Départ à la retraite, taxes... : un rapport évoque des pistes pour sortir la Sécu du déficit post-pandémie

Départ à la retraite, taxes... : un rapport évoque des pistes pour sortir la Sécu du déficit post-pandémie
Le déficit de Sécu s'est élevé à 38,7 milliards en 2020.

publié le jeudi 20 janvier 2022 à 12h32

Reporter l'âge légal de départ à la retraite, hausse de certaines taxes, maîtrise des dépenses... Autant de pistes envisagée par un rapport remis au Premier ministre.

Alors que les comptes de la Sécu étaient quasiment à l'équilibre en 2019, la pandémie les a fait dégringoler dans des tréfonds inédit en 2020.

Et selon un rapport commandé par Matignon et révélé jeudi 20 janvier, la sortie des déficits peut être planifiée "sur un horizon de moyen terme qu'il semble raisonnable de fixer à 10 ans".

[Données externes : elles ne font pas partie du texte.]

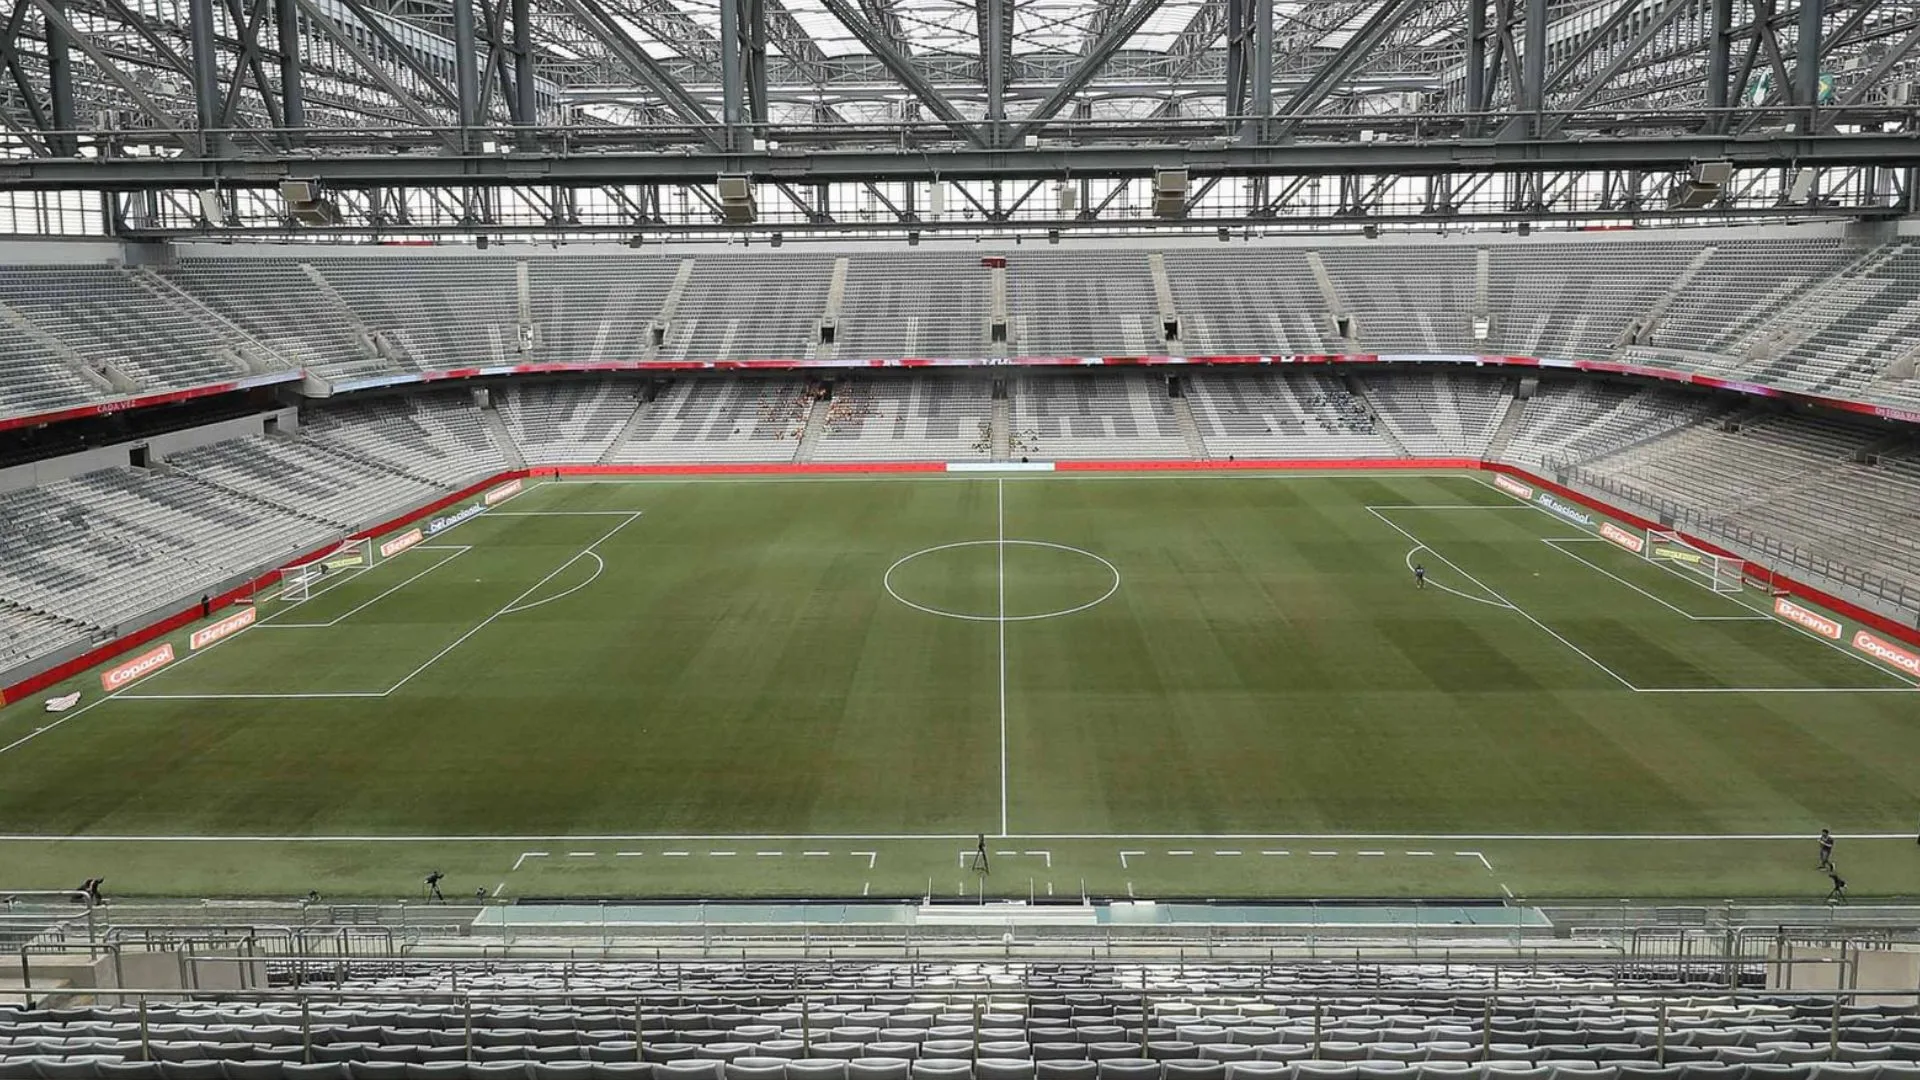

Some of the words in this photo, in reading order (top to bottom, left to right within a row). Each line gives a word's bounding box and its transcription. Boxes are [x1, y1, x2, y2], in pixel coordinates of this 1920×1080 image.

Le déficit de Sécu s'est élevé à 38,7 milliards en 2020. Et les comptes ont beau se redresser plus vite que prévu (-25 milliards en 2021 selon le gouvernement, au lieu des -33 milliards prévus), miser sur la seule reprise économique "serait un pari peu crédible", affirme le Haut conseil du financement de la protection sociale (HCFiPS) dans un rapport remis cette semaine au Premier ministre, Jean Castex.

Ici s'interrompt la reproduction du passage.